THE DATA:
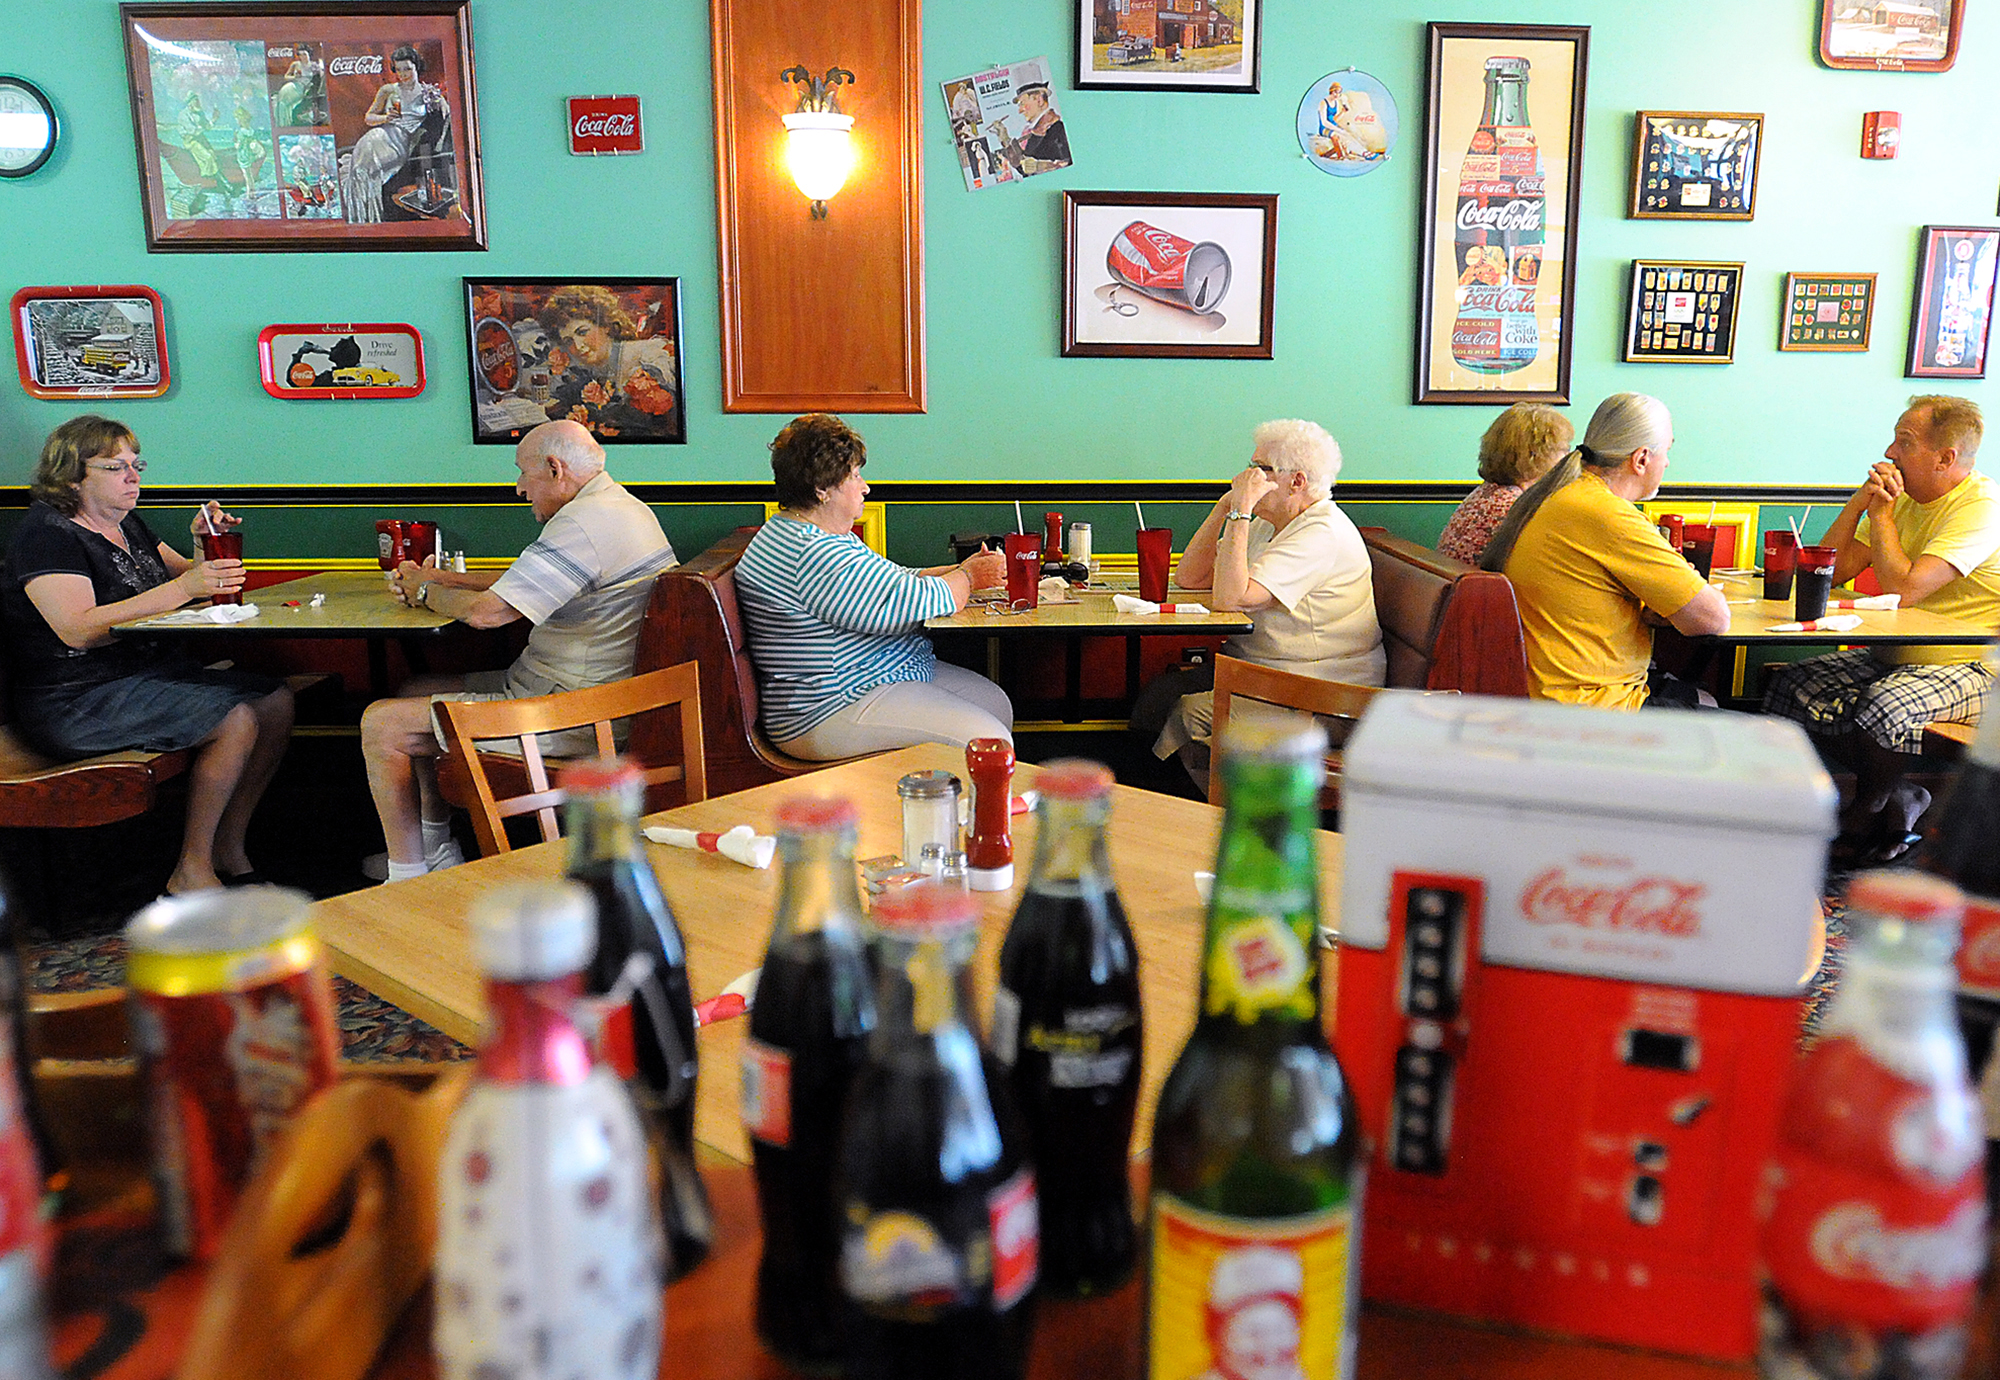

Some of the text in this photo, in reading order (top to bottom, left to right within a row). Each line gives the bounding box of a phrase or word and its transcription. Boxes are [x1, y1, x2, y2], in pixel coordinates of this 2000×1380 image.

[329, 55, 383, 76] Coca-Cola
[575, 114, 635, 137] Coca-Cola
[1457, 199, 1544, 231] Coca-Cola
[1452, 330, 1499, 345] Coca-Cola
[1505, 332, 1538, 344] Coke
[1515, 326, 1536, 335] with
[371, 340, 393, 349] Drive
[367, 348, 398, 357] refreshed
[1518, 864, 1706, 938] Coca-Cola

TO DO: Write everything in the records out exactly, apart from the pictures.

ANSWER TO THIS TASK:
Some of the text in this photo, in reading order (top to bottom, left to right within a row). Each line gives the bounding box of a phrase or word and its transcription. Boxes are [x1, y1, x2, y2], in pixel coordinates of this 2000×1380 image.

[329, 55, 383, 76] Coca-Cola
[575, 114, 635, 137] Coca-Cola
[1457, 199, 1544, 231] Coca-Cola
[1452, 330, 1499, 345] Coca-Cola
[1505, 332, 1538, 344] Coke
[1515, 326, 1536, 335] with
[371, 340, 393, 349] Drive
[367, 348, 398, 357] refreshed
[1518, 864, 1706, 938] Coca-Cola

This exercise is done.